## EXERCISE:
Word for word, print the entries that follow.
[Start of section]
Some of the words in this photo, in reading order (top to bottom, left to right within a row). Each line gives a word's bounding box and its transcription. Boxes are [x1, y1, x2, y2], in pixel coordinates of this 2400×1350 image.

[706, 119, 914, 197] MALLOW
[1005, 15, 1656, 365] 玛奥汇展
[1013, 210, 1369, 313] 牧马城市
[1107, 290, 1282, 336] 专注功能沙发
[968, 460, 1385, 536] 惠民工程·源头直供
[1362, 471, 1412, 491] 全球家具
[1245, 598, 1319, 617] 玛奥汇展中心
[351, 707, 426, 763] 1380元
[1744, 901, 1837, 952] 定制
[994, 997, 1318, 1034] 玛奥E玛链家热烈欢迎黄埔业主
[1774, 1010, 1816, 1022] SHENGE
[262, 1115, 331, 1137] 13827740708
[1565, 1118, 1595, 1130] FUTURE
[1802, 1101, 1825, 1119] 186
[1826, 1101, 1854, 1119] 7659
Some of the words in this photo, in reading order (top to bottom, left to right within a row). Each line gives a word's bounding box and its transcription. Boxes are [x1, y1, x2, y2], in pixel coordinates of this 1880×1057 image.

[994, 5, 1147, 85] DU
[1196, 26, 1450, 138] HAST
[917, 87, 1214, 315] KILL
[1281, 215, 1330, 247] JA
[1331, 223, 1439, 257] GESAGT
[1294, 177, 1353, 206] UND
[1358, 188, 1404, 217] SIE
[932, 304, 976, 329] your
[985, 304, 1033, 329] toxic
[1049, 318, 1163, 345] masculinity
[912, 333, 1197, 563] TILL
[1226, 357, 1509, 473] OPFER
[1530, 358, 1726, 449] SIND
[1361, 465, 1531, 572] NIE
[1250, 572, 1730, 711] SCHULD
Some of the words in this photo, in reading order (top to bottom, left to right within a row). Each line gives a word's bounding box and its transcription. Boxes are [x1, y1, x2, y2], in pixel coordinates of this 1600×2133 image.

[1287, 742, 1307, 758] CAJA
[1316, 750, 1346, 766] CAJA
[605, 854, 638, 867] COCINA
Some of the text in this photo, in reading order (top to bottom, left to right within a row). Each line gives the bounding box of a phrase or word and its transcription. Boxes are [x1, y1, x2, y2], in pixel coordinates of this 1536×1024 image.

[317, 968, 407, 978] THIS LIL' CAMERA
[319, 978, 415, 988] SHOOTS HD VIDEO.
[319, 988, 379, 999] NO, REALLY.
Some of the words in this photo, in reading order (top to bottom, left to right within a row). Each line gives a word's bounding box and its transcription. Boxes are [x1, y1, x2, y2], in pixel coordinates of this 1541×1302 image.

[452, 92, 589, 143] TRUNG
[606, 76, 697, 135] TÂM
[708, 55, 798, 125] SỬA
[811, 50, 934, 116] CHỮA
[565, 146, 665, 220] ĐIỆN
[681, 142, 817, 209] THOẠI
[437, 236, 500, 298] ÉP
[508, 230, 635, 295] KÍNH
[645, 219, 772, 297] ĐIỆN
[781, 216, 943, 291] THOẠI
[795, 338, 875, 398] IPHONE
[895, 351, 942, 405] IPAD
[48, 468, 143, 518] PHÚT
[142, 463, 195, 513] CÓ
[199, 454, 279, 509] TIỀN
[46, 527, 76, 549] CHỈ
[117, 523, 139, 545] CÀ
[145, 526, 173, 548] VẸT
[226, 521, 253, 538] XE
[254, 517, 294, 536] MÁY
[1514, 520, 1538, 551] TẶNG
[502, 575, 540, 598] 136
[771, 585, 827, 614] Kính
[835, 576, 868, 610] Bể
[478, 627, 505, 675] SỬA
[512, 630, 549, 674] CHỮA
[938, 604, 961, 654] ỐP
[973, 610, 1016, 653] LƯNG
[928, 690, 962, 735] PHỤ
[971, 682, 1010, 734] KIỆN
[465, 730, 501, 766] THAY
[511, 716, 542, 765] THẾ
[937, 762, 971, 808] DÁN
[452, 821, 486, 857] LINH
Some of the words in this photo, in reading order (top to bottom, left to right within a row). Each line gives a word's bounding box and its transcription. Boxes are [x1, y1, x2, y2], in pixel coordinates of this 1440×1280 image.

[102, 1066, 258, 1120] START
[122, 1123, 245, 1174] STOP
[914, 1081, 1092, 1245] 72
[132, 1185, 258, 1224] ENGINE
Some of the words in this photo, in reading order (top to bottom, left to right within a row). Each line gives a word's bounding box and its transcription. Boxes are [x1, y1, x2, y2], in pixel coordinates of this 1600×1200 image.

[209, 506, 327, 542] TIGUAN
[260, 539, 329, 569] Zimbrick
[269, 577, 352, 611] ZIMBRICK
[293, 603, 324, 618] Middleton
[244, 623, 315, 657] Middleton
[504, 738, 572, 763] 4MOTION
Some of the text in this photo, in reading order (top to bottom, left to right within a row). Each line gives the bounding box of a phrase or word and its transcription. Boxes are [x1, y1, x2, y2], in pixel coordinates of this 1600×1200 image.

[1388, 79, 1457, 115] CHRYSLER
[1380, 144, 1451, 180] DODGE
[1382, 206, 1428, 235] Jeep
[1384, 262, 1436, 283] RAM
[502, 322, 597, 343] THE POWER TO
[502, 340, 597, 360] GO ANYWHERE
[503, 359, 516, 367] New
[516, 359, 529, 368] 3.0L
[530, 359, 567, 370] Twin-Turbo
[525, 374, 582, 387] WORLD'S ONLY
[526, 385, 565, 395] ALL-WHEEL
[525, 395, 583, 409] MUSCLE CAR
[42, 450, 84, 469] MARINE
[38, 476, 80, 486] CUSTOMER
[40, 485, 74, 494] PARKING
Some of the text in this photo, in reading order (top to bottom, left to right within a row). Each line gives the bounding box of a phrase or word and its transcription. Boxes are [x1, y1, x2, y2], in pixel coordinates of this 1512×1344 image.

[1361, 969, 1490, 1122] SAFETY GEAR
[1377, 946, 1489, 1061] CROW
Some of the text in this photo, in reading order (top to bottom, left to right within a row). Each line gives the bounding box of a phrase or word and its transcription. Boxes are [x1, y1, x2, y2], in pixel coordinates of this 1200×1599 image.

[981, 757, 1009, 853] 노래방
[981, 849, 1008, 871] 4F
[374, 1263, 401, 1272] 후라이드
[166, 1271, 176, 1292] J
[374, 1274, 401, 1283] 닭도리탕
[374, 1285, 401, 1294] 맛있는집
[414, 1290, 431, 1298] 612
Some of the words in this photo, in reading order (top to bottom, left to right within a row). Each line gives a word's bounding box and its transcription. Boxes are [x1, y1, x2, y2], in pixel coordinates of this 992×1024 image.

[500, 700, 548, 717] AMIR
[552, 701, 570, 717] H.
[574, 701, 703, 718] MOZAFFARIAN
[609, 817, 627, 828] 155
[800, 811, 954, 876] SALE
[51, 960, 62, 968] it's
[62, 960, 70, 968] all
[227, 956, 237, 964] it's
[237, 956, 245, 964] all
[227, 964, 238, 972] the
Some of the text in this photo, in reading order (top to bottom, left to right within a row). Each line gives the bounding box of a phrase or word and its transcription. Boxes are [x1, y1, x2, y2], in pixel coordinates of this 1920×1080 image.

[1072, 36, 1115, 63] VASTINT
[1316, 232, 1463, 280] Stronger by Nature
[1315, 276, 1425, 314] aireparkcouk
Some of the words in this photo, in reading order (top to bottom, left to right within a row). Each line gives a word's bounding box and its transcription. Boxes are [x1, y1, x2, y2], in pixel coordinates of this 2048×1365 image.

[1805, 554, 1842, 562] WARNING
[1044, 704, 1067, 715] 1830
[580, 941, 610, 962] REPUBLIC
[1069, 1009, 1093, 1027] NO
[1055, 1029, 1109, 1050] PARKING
[End of section]
## OUTPUT BELOW:
Some of the words in this photo, in reading order (top to bottom, left to right within a row). Each line gives a word's bounding box and its transcription. Boxes are [x1, y1, x2, y2], in pixel coordinates of this 2400×1350 image.

[706, 119, 914, 197] MALLOW
[1005, 15, 1656, 365] 玛奥汇展
[1013, 210, 1369, 313] 牧马城市
[1107, 290, 1282, 336] 专注功能沙发
[968, 460, 1385, 536] 惠民工程·源头直供
[1362, 471, 1412, 491] 全球家具
[1245, 598, 1319, 617] 玛奥汇展中心
[351, 707, 426, 763] 1380元
[1744, 901, 1837, 952] 定制
[994, 997, 1318, 1034] 玛奥E玛链家热烈欢迎黄埔业主
[1774, 1010, 1816, 1022] SHENGE
[262, 1115, 331, 1137] 13827740708
[1565, 1118, 1595, 1130] FUTURE
[1802, 1101, 1825, 1119] 186
[1826, 1101, 1854, 1119] 7659
Some of the words in this photo, in reading order (top to bottom, left to right within a row). Each line gives a word's bounding box and its transcription. Boxes are [x1, y1, x2, y2], in pixel coordinates of this 1880×1057 image.

[994, 5, 1147, 85] DU
[1196, 26, 1450, 138] HAST
[917, 87, 1214, 315] KILL
[1281, 215, 1330, 247] JA
[1331, 223, 1439, 257] GESAGT
[1294, 177, 1353, 206] UND
[1358, 188, 1404, 217] SIE
[932, 304, 976, 329] your
[985, 304, 1033, 329] toxic
[1049, 318, 1163, 345] masculinity
[912, 333, 1197, 563] TILL
[1226, 357, 1509, 473] OPFER
[1530, 358, 1726, 449] SIND
[1361, 465, 1531, 572] NIE
[1250, 572, 1730, 711] SCHULD
Some of the words in this photo, in reading order (top to bottom, left to right within a row). Each line gives a word's bounding box and its transcription. Boxes are [x1, y1, x2, y2], in pixel coordinates of this 1600×2133 image.

[1287, 742, 1307, 758] CAJA
[1316, 750, 1346, 766] CAJA
[605, 854, 638, 867] COCINA
Some of the text in this photo, in reading order (top to bottom, left to right within a row). Each line gives the bounding box of a phrase or word and its transcription. Boxes are [x1, y1, x2, y2], in pixel coordinates of this 1536×1024 image.

[317, 968, 407, 978] THIS LIL' CAMERA
[319, 978, 415, 988] SHOOTS HD VIDEO.
[319, 988, 379, 999] NO, REALLY.
Some of the words in this photo, in reading order (top to bottom, left to right within a row). Each line gives a word's bounding box and its transcription. Boxes are [x1, y1, x2, y2], in pixel coordinates of this 1541×1302 image.

[452, 92, 589, 143] TRUNG
[606, 76, 697, 135] TÂM
[708, 55, 798, 125] SỬA
[811, 50, 934, 116] CHỮA
[565, 146, 665, 220] ĐIỆN
[681, 142, 817, 209] THOẠI
[437, 236, 500, 298] ÉP
[508, 230, 635, 295] KÍNH
[645, 219, 772, 297] ĐIỆN
[781, 216, 943, 291] THOẠI
[795, 338, 875, 398] IPHONE
[895, 351, 942, 405] IPAD
[48, 468, 143, 518] PHÚT
[142, 463, 195, 513] CÓ
[199, 454, 279, 509] TIỀN
[46, 527, 76, 549] CHỈ
[117, 523, 139, 545] CÀ
[145, 526, 173, 548] VẸT
[226, 521, 253, 538] XE
[254, 517, 294, 536] MÁY
[1514, 520, 1538, 551] TẶNG
[502, 575, 540, 598] 136
[771, 585, 827, 614] Kính
[835, 576, 868, 610] Bể
[478, 627, 505, 675] SỬA
[512, 630, 549, 674] CHỮA
[938, 604, 961, 654] ỐP
[973, 610, 1016, 653] LƯNG
[928, 690, 962, 735] PHỤ
[971, 682, 1010, 734] KIỆN
[465, 730, 501, 766] THAY
[511, 716, 542, 765] THẾ
[937, 762, 971, 808] DÁN
[452, 821, 486, 857] LINH
Some of the words in this photo, in reading order (top to bottom, left to right within a row). Each line gives a word's bounding box and its transcription. Boxes are [x1, y1, x2, y2], in pixel coordinates of this 1440×1280 image.

[102, 1066, 258, 1120] START
[122, 1123, 245, 1174] STOP
[914, 1081, 1092, 1245] 72
[132, 1185, 258, 1224] ENGINE
Some of the words in this photo, in reading order (top to bottom, left to right within a row). Each line gives a word's bounding box and its transcription. Boxes are [x1, y1, x2, y2], in pixel coordinates of this 1600×1200 image.

[209, 506, 327, 542] TIGUAN
[260, 539, 329, 569] Zimbrick
[269, 577, 352, 611] ZIMBRICK
[293, 603, 324, 618] Middleton
[244, 623, 315, 657] Middleton
[504, 738, 572, 763] 4MOTION
Some of the text in this photo, in reading order (top to bottom, left to right within a row). Each line gives the bounding box of a phrase or word and its transcription. Boxes are [x1, y1, x2, y2], in pixel coordinates of this 1600×1200 image.

[1388, 79, 1457, 115] CHRYSLER
[1380, 144, 1451, 180] DODGE
[1382, 206, 1428, 235] Jeep
[1384, 262, 1436, 283] RAM
[502, 322, 597, 343] THE POWER TO
[502, 340, 597, 360] GO ANYWHERE
[503, 359, 516, 367] New
[516, 359, 529, 368] 3.0L
[530, 359, 567, 370] Twin-Turbo
[525, 374, 582, 387] WORLD'S ONLY
[526, 385, 565, 395] ALL-WHEEL
[525, 395, 583, 409] MUSCLE CAR
[42, 450, 84, 469] MARINE
[38, 476, 80, 486] CUSTOMER
[40, 485, 74, 494] PARKING
Some of the text in this photo, in reading order (top to bottom, left to right within a row). Each line gives the bounding box of a phrase or word and its transcription. Boxes are [x1, y1, x2, y2], in pixel coordinates of this 1512×1344 image.

[1361, 969, 1490, 1122] SAFETY GEAR
[1377, 946, 1489, 1061] CROW
Some of the text in this photo, in reading order (top to bottom, left to right within a row). Each line gives the bounding box of a phrase or word and its transcription. Boxes are [x1, y1, x2, y2], in pixel coordinates of this 1200×1599 image.

[981, 757, 1009, 853] 노래방
[981, 849, 1008, 871] 4F
[374, 1263, 401, 1272] 후라이드
[166, 1271, 176, 1292] J
[374, 1274, 401, 1283] 닭도리탕
[374, 1285, 401, 1294] 맛있는집
[414, 1290, 431, 1298] 612
Some of the words in this photo, in reading order (top to bottom, left to right within a row). Each line gives a word's bounding box and its transcription. Boxes are [x1, y1, x2, y2], in pixel coordinates of this 992×1024 image.

[500, 700, 548, 717] AMIR
[552, 701, 570, 717] H.
[574, 701, 703, 718] MOZAFFARIAN
[609, 817, 627, 828] 155
[800, 811, 954, 876] SALE
[51, 960, 62, 968] it's
[62, 960, 70, 968] all
[227, 956, 237, 964] it's
[237, 956, 245, 964] all
[227, 964, 238, 972] the
Some of the text in this photo, in reading order (top to bottom, left to right within a row). Each line gives the bounding box of a phrase or word and its transcription. Boxes are [x1, y1, x2, y2], in pixel coordinates of this 1920×1080 image.

[1072, 36, 1115, 63] VASTINT
[1316, 232, 1463, 280] Stronger by Nature
[1315, 276, 1425, 314] aireparkcouk
Some of the words in this photo, in reading order (top to bottom, left to right within a row). Each line gives a word's bounding box and its transcription. Boxes are [x1, y1, x2, y2], in pixel coordinates of this 2048×1365 image.

[1805, 554, 1842, 562] WARNING
[1044, 704, 1067, 715] 1830
[580, 941, 610, 962] REPUBLIC
[1069, 1009, 1093, 1027] NO
[1055, 1029, 1109, 1050] PARKING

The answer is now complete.